The seven-year deal Ultimate Fighting Championship has signed with Fox Sports Media Group will bring the fast-rising sport its biggest presence on broadcast television to date.
But while the four live events airing on Fox each year will grab headlines, the impact on cablers FX and lesser-known Fuel TV could be transformative.
Starting in the spring, FX will air UFC programming on 32 Friday nights per year, turning a relative dead zone for the cabler (filled mainly with film and TV repeats) into a vibrant magnet for its primary demo. Fuel, meanwhile, will give more than a third of its primetime schedule to mixed martial arts coverage when the deal formally goes into effect Jan. 1.
Spanish-language sibling Fox Deportes will also take on a significant portion of UFC content.
“It’s a deal that touches all aspects of the Fox Media Group,” said Fox Sports Media Group prexy Eric Shanks at the gathering where the official announcement was made Thursday. “I don’t know if you could weigh which part is best.”
Fox’s UFC coverage will begin with a live bout Nov. 12, which happens to be the night of an HBO-distributed pay-per-view broadcast of a Manny Pacquiao-Juan Manuel Marquez boxing bout, and continue with one live event each quarter.
“This is what I always wanted,” said UFC prexy Dana White. “This is what I always felt was the pinnacle for us here in the United States.”
The UFC-FSMG deal formally goes into effect next year, at which point the broader impact unfolds.

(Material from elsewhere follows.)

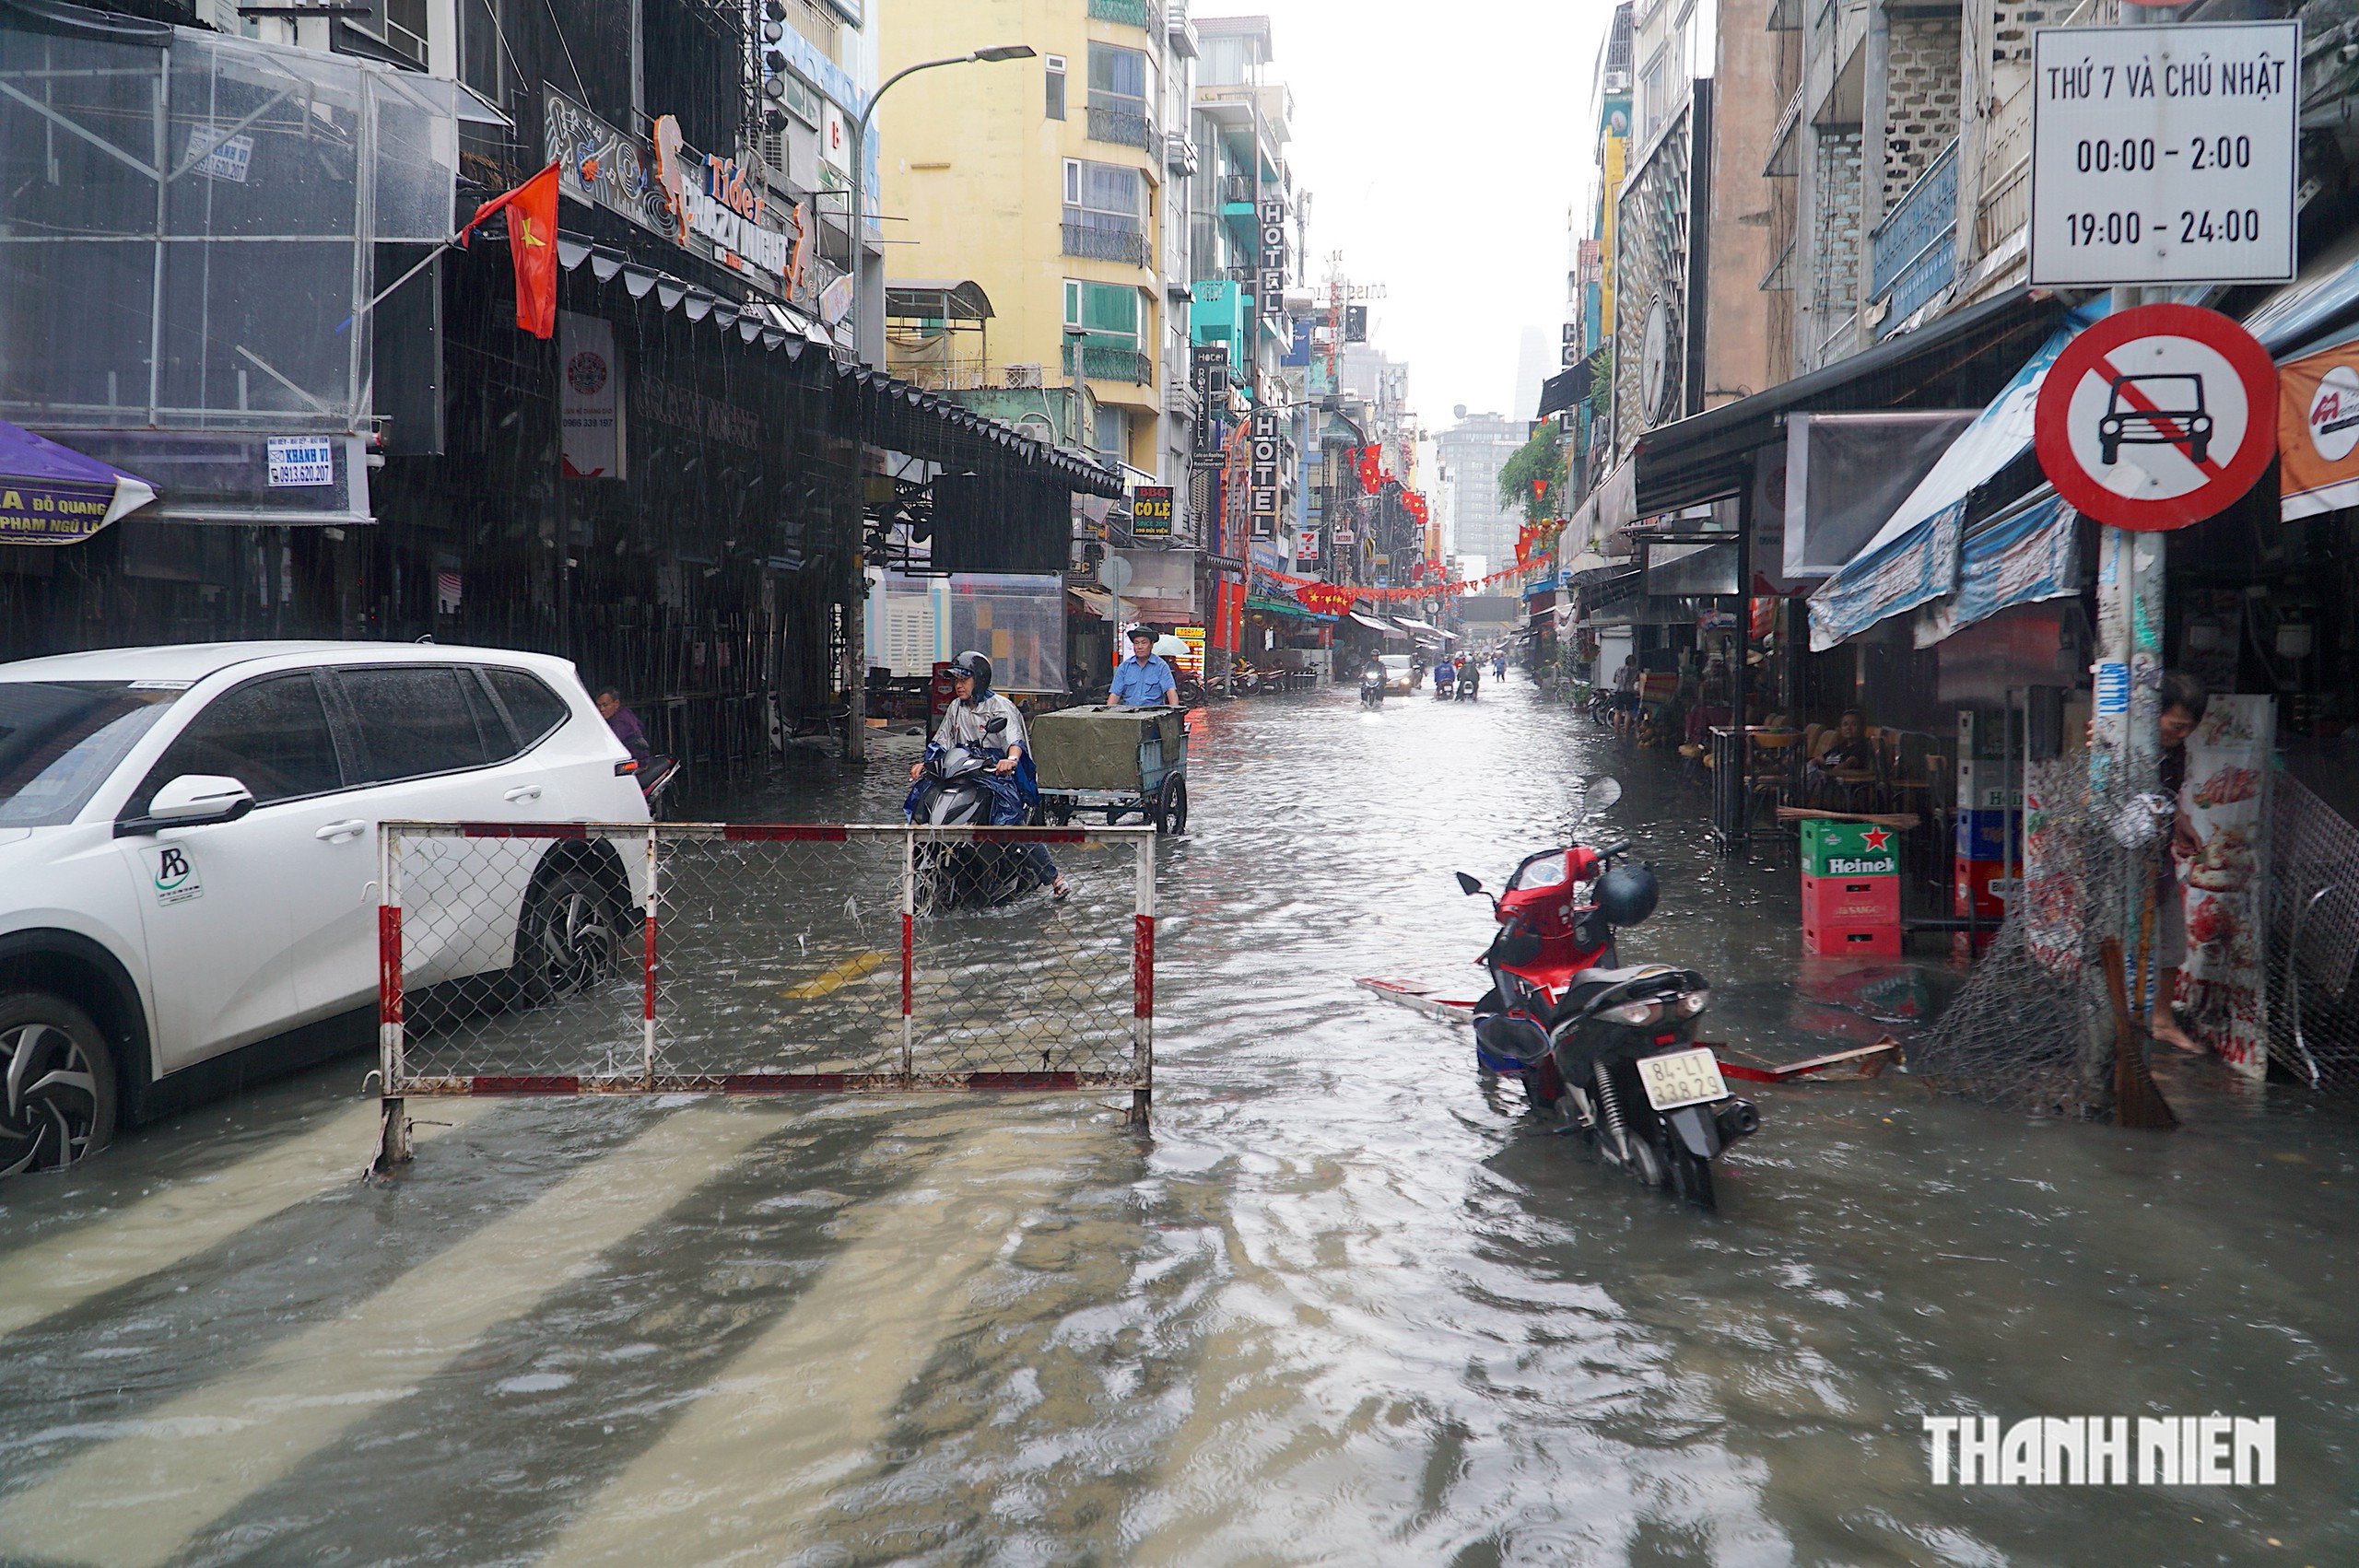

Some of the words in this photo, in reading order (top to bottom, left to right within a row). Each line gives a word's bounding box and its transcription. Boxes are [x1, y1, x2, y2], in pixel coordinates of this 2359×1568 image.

Unscripted series “The Ultimate Fighter” will air in spring and fall 13-week cycles on FX, in a new format. For the first 12 weeks, an hour’s worth of recently recorded footage, edited in reality-show style, will be followed by 30 minutes of live fight coverage. And in a nod to modern-day viewer interaction, fans will vote by text message on which bouts they want to see. Week 13 will offer an all-live season finale.
The remaining six Friday broadcasts on FX will be live “Fight Nights,” further enticing the core FX audience. FX prexy and g.m. John Landgraf cited research showing an 80% overlap of fans of UFC and those who watch FX.
“Both the UFC and FX have enjoyed explosive growth in the past 10 years,” Landgraf said. “We’re not an emerging network anymore, and they’re not an emerging sport.”
FX exec veep Chuck Saftler said the network expects to grow the million-plus adults in the 18-49 demo that the UFC has drawn on cable in the past.
“Sports has been a critical component that we’ve wanted to add to FX,” Saftler said. “Our median age is 37 — with the young males (that UFC attracts), it will probably bring the male age down a bit.”
For its part, the bread and butter of UFC (owned by Las Vegas-based Zuffa) will remain pay-per-view, but the parties involved agreed that the combination of distribution outlets for the sport would accelerate demand for it on all fronts.
“That’s the yin and the yang with pay-per-view,” Shanks said. “Our agreement is not to infringe on pay-per-view. We’ll scratch each other’s backs as much as we can.”
Demand for the sport was such that at one point, there was talk of a dedicated UFC cable network — including the possibility that Fuel would undergo that reconfiguration.
“At the end of the day, we just looked at everything that was on the table and felt that this license structure just made a lot of sense,” said UFC chairman and CEO Lorenzo Fertitta. “But we sat down, thought about it a little bit and said, ‘You know what we do best? We put on great fights.’ We’re not in the business of running a network. And as far as the life cycle of the company and where we’re at, it just made more sense for us to do this deal with Fox.”
Though some specifics are still being worked out, Fuel exec veep and g.m. George Greenberg said to expect primetime UFC coverage (including preliminary bouts and rebroadcasts of material from other FSMG networks) to begin at 7:30 p.m. Wednesdays through Saturdays.
“Fuel already has a heavy male demographic,” Greenberg said, noting that UFC will mix very well with motorcross, surfing and other action sports on the cabler.